=== Begin Enclosure ===

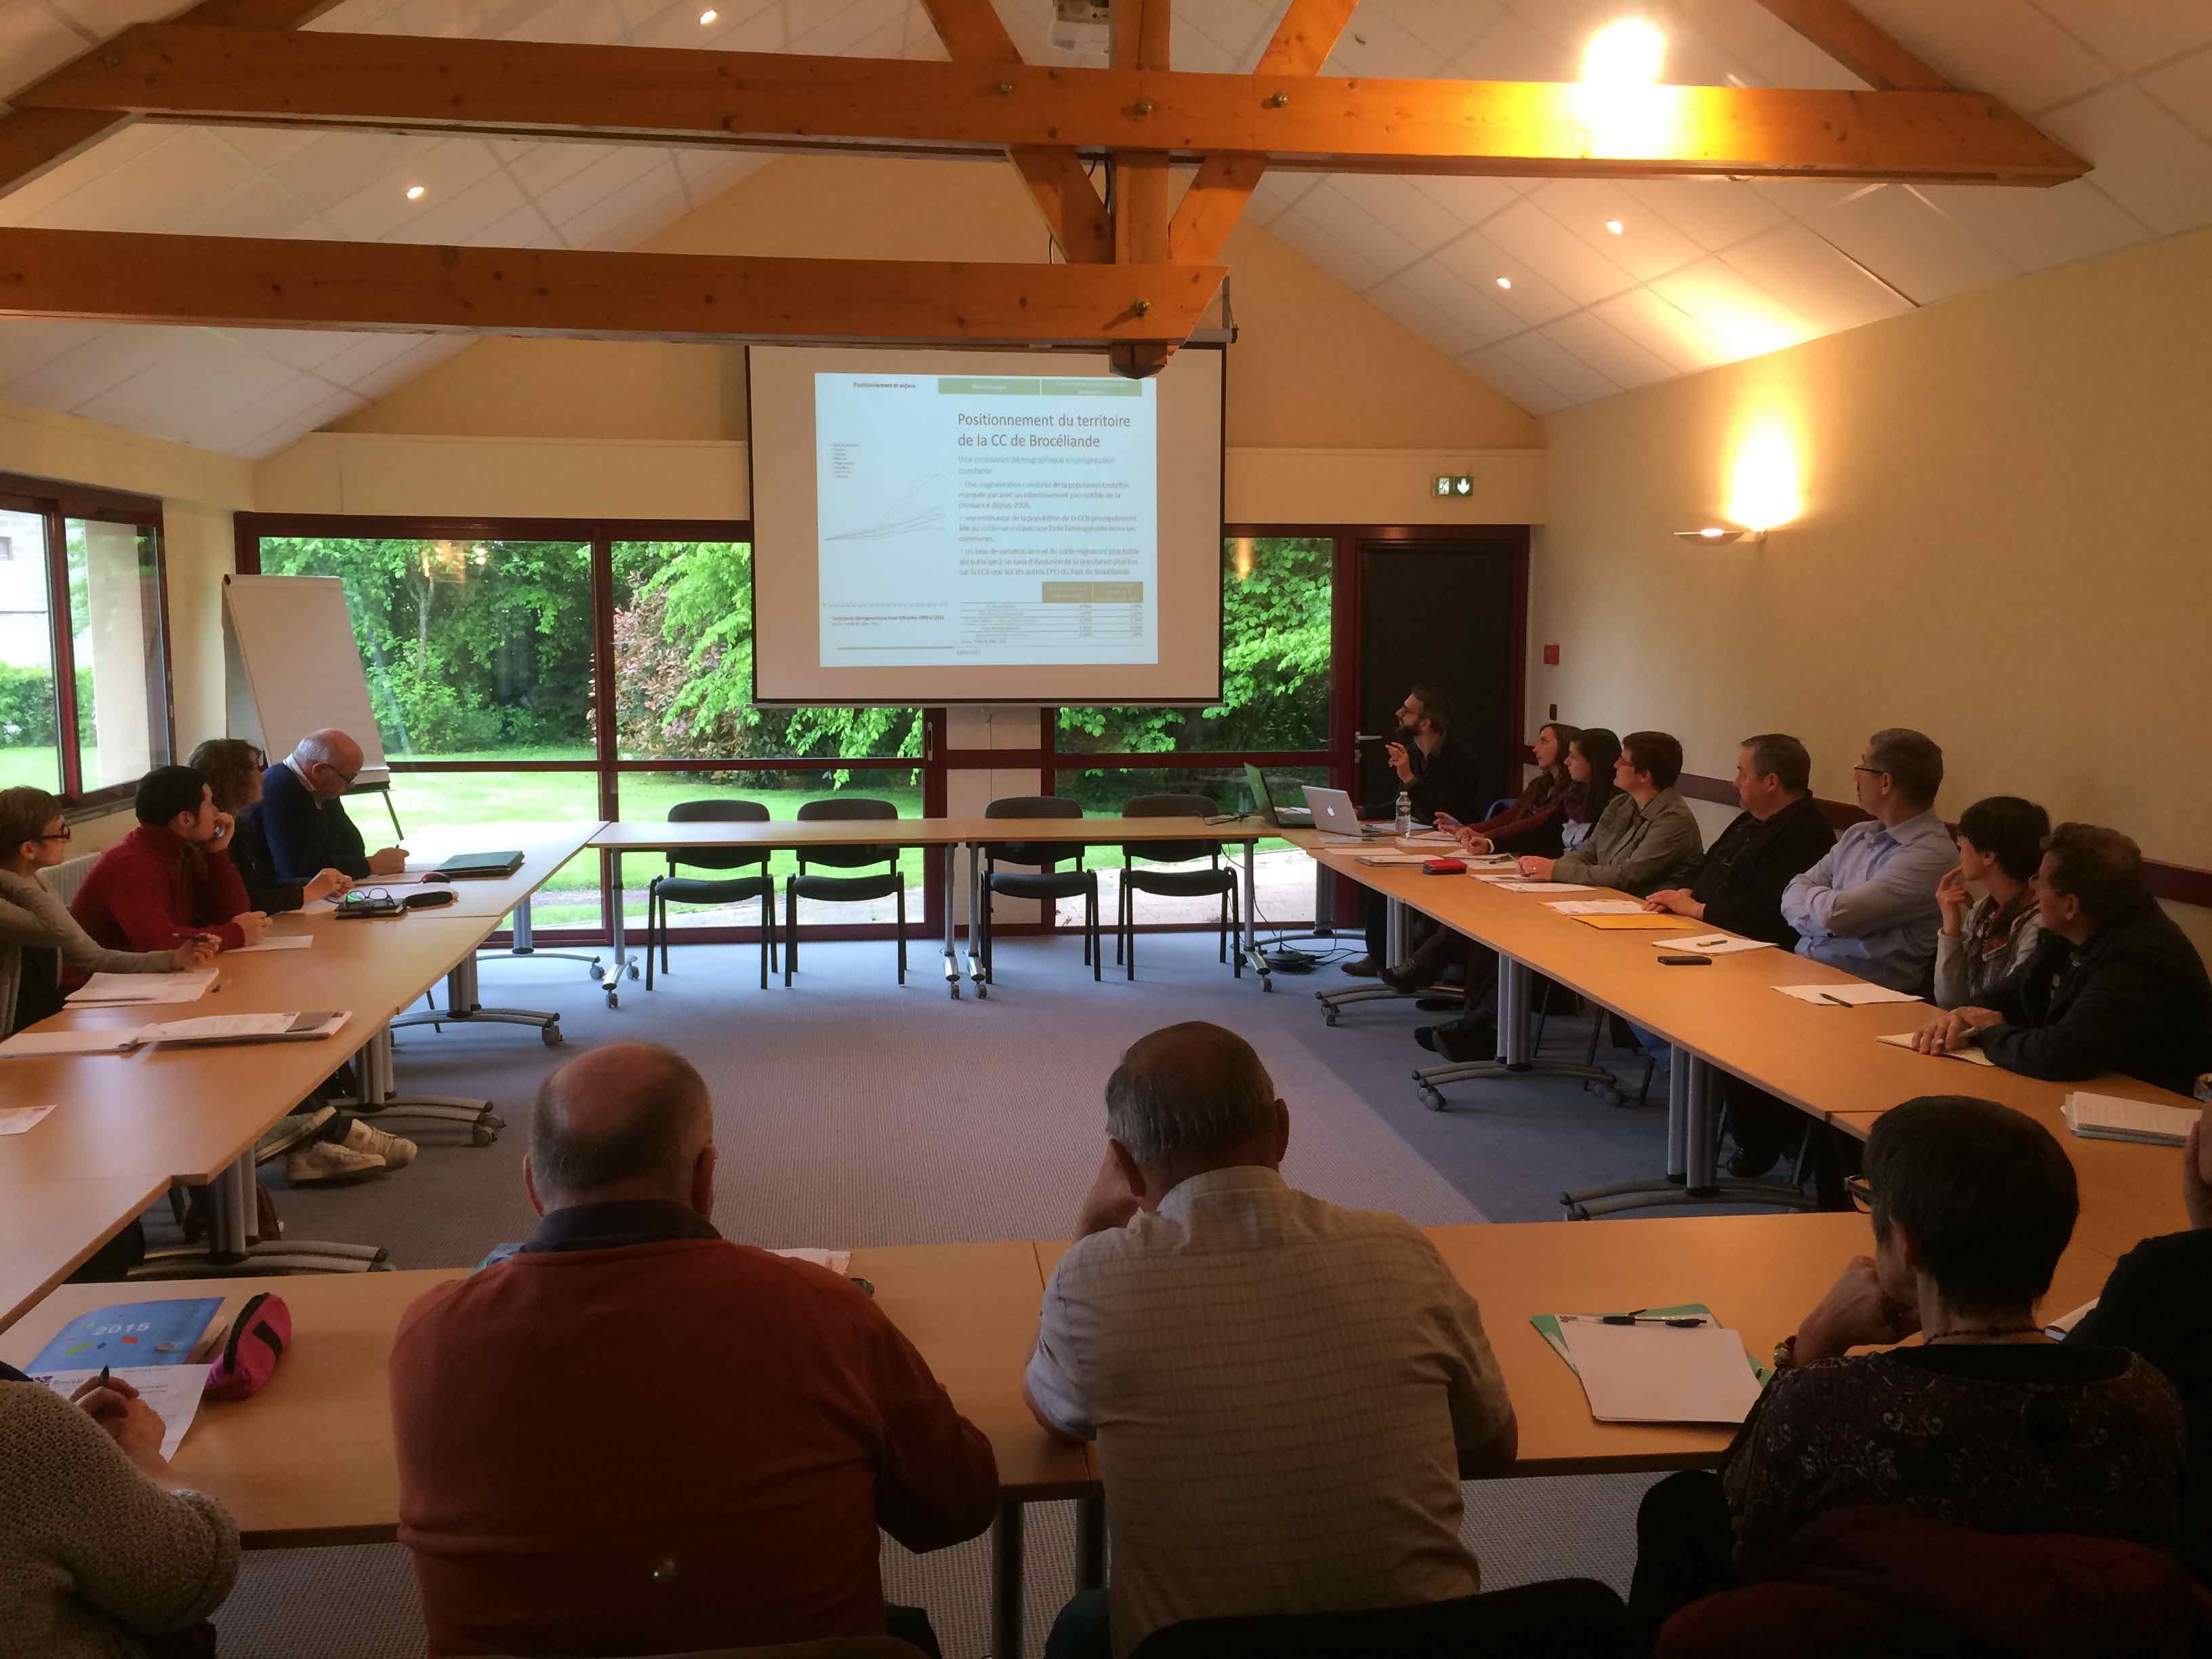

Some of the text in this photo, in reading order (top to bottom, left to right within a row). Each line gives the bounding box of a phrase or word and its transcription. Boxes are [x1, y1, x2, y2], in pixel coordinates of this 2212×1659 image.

[958, 413, 1131, 427] Positionnement du territoire
[958, 434, 1101, 447] de la CC de Brocéliande
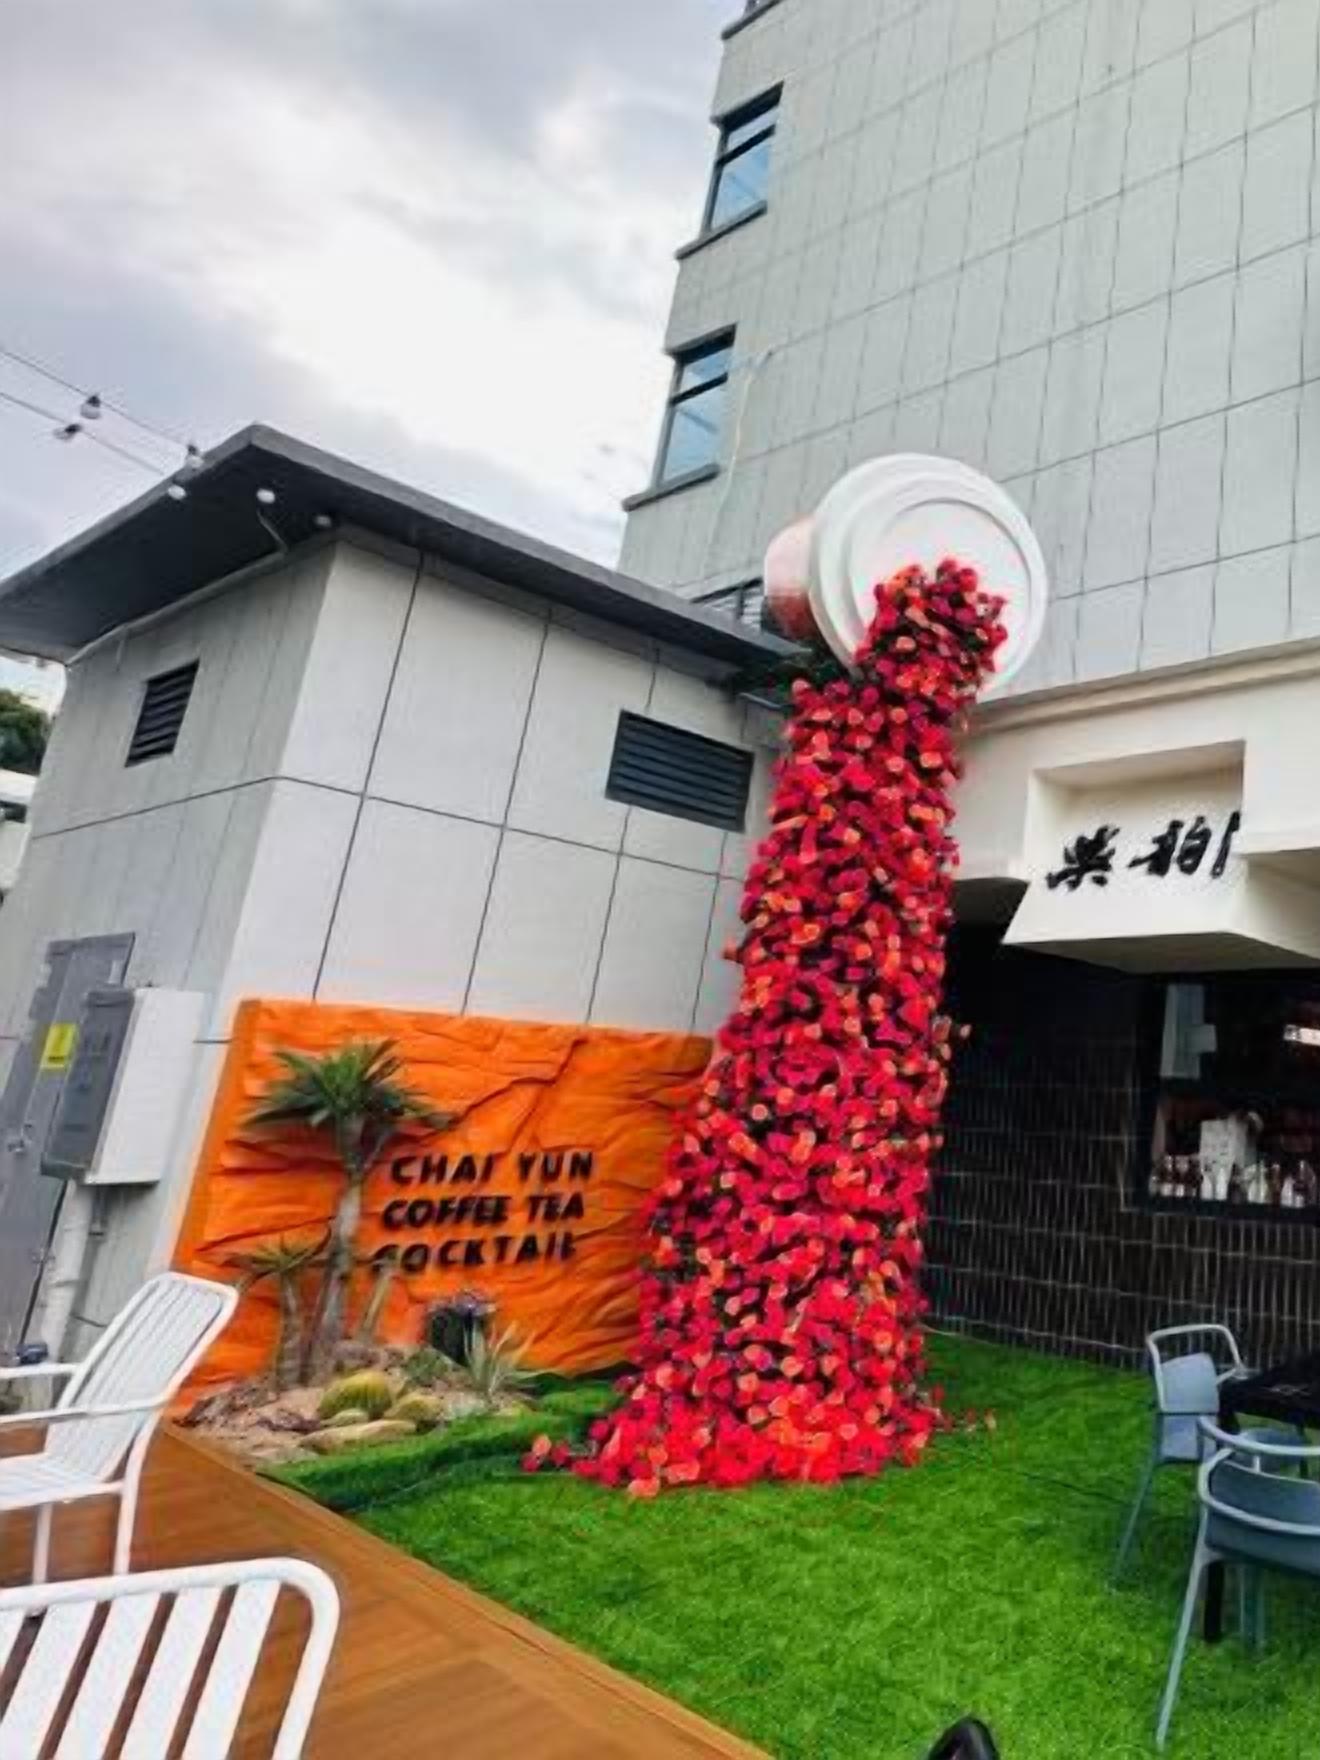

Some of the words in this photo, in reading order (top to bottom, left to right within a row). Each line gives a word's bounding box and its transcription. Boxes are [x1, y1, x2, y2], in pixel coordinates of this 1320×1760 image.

[391, 1153, 494, 1185] CHAI
[519, 1151, 593, 1182] YUN
[382, 1195, 511, 1230] COFFEE
[528, 1192, 584, 1223] TEA
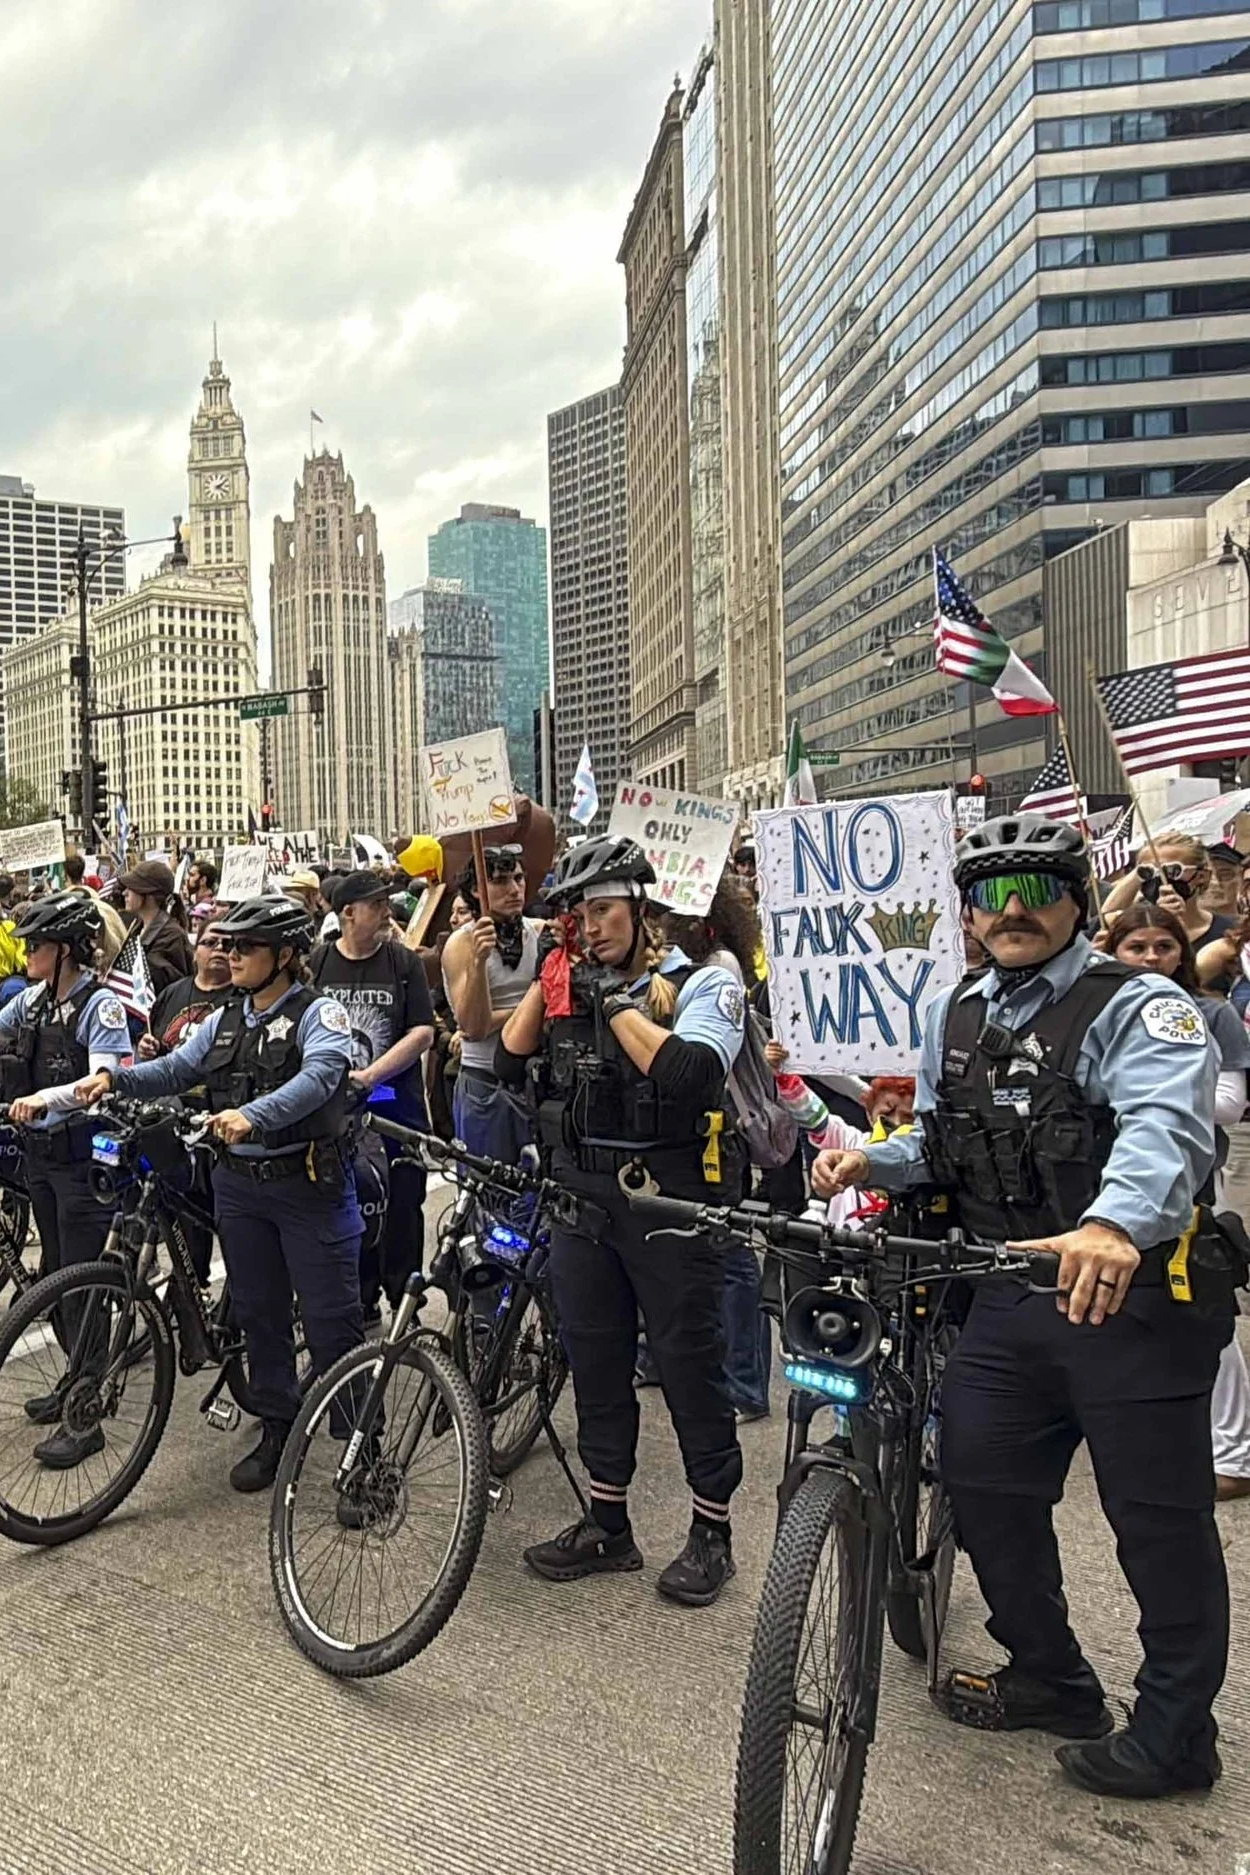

=== End Enclosure ===

=== Task to complete ===
Produce a verbatim copy of the listing, leaving out all pictures.

=== Response ===
Some of the text in this photo, in reading order (top to bottom, left to right within a row). Each line gives the bounding box of a phrase or word and its transcription. Boxes are [x1, y1, x2, y2], in pixel coordinates of this 2212×1659 image.

[958, 413, 1131, 427] Positionnement du territoire
[958, 434, 1101, 447] de la CC de Brocéliande

Some of the words in this photo, in reading order (top to bottom, left to right within a row). Each line gives a word's bounding box and its transcription. Boxes are [x1, y1, x2, y2], in pixel coordinates of this 1320×1760 image.

[391, 1153, 494, 1185] CHAI
[519, 1151, 593, 1182] YUN
[382, 1195, 511, 1230] COFFEE
[528, 1192, 584, 1223] TEA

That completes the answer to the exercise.